The Church-publisher-plus-subscription model is unusual in US journalism. The First Church of Christ, Scientist underwrites the operation as part of Mary Baker Eddy's founding mission, which removes advertiser pressure and the traffic-driven incentives that shape commercial digital news. Subscription revenue from the Monitor Daily and the weekly print magazine supplements Church support and rewards reader loyalty to the publication's distinctive editorial voice — international depth, solutions-oriented framing, measured tone. The Church's editorial firewall is enforced by long-standing newsroom convention, and the publication does not publish Christian Science content or religious commentary in the news report. The trade-off is scale: the model can't support mass-market reach, but it underwrites international correspondents and slow-burn enterprise reporting that commercial outlets have cut.

Where they land on the spectrum

nwsly's editorial team places Christian Science Monitor at Center with a factuality rating of High.

The Christian Science Monitor sits at Center because its editorial register is deliberately and explicitly measured — the founding "injure no man, but bless all mankind" mission translates into reporting that avoids the inflammatory framings common in contemporary US journalism. Coverage of US politics, the Trump administration, and the Biden-and-Harris era treats actors descriptively, quotes named sources with right-of-reply, and frames stories around what happened and what it means rather than around political stakes. International coverage from the Monitor's correspondent network is unusually deep and contextualized for a US outlet of its size. The Points of Progress beat surfaces problem-solving stories that mainstream outlets skip in favor of conflict.

The pattern occasionally leans toward an institutionalist worldview on matters of democratic-norms and international-rule-of-law questions, consistent with the publication's long-standing internationalist tradition. The measured tone has been criticized from both Left and Right at specific moments — Left critics have wanted harder framings on Trump-era democratic-norms stories, Right critics have wanted harder framings on cultural-and-economic stories. Factuality lands at High because the editorial culture is built around verification, sourcing rigor, and slow-publication-pace by digital standards. The corrections record is clean, the Pulitzer record reflects multi-decade verification standards, and the international correspondent network produces well-sourced primary reporting.

Editorial vs news side

The Christian Science Monitor runs a Commentary section publishing guest essays and signed columns from across the political spectrum, plus a labeled Opinion section. The editorial convention is to avoid candidate endorsements and to maintain the measured-tone editorial voice across both reported pieces and commentary. The news desk operates separately under the publication's long-standing standards-of-accuracy regime. Readers should treat the news report as the basis for the Center rating and the commentary section as a curated forum that holds to the same measured editorial culture rather than as a partisan opinion track. The two are visually and editorially distinguished on the site.

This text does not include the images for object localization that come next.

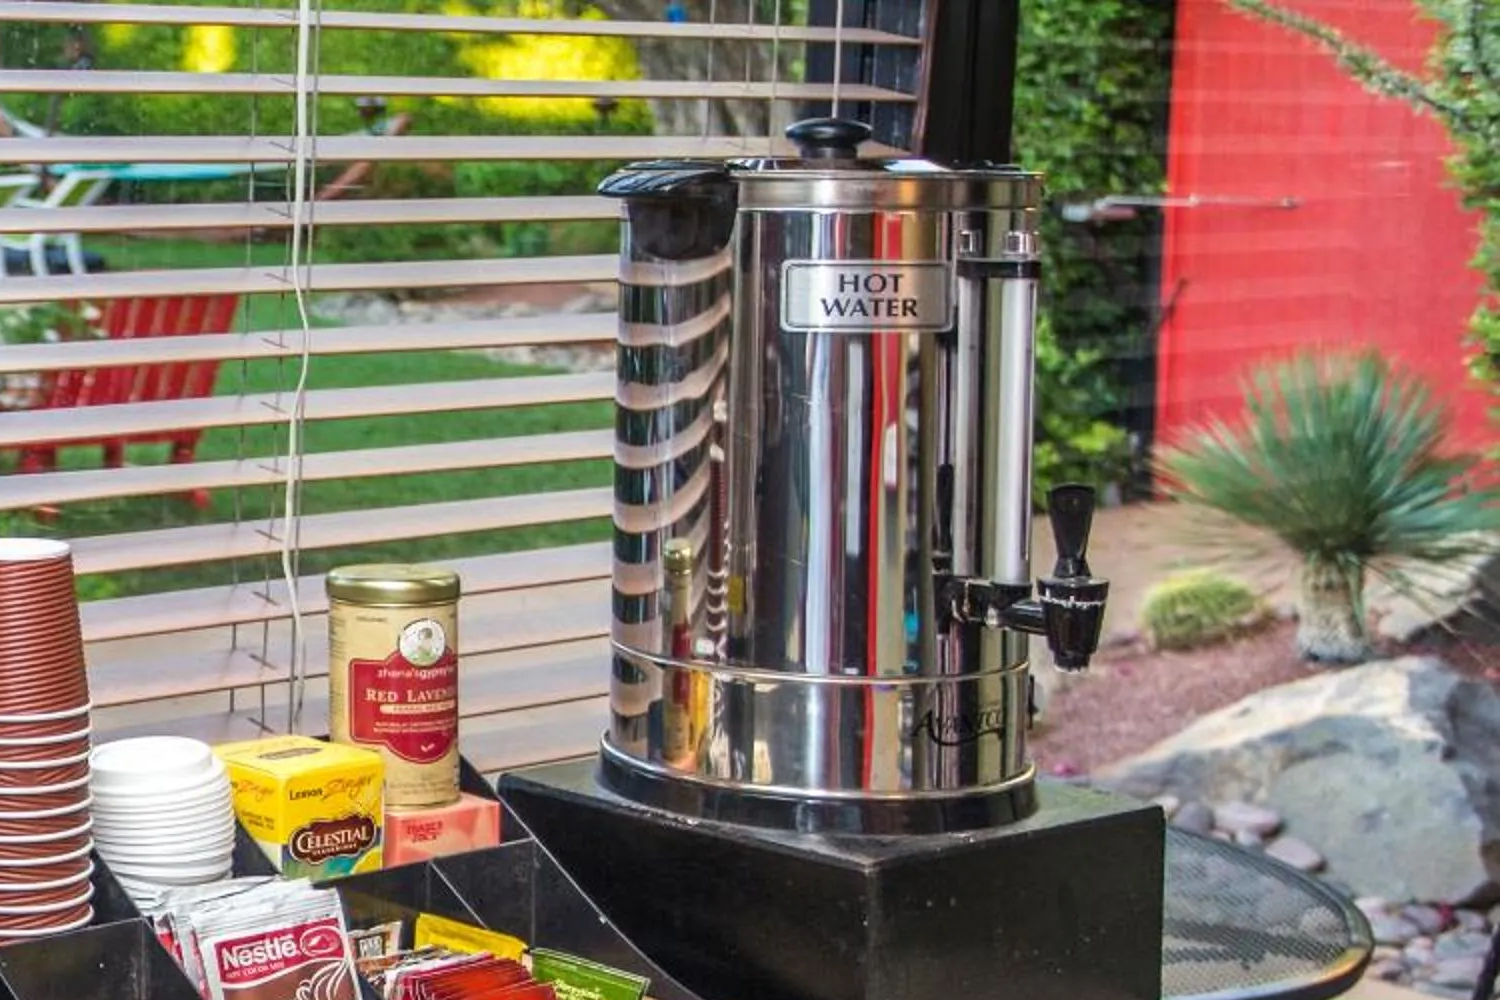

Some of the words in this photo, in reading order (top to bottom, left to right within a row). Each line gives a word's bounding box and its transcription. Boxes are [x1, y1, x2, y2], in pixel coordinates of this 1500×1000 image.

[838, 273, 904, 294] HOT
[820, 297, 919, 318] WATER
[364, 686, 399, 703] RED
[288, 787, 324, 801] Lemon
[296, 825, 372, 853] CELESTIAL

Why we include them in nwsly

Solutions-focused journalism; explicitly secular newsroom despite church ownership.

The Christian Science Monitor brings two things no other US Center source matches: international correspondent depth at a scale that contradicts its small staff size, and the deliberately measured, solutions-oriented editorial register that filters out the inflammatory framings common in contemporary US journalism. nwsly uses the Monitor for international stories where its bureau network produces well-sourced primary reporting, for the Points of Progress framing on problem-solving stories that mainstream outlets skip, and for measured-tone US-politics coverage that anchors against more inflammatory framings elsewhere. The Pulitzer track record and the seven-decade-plus standards-desk culture make it an unusually reliable baseline source.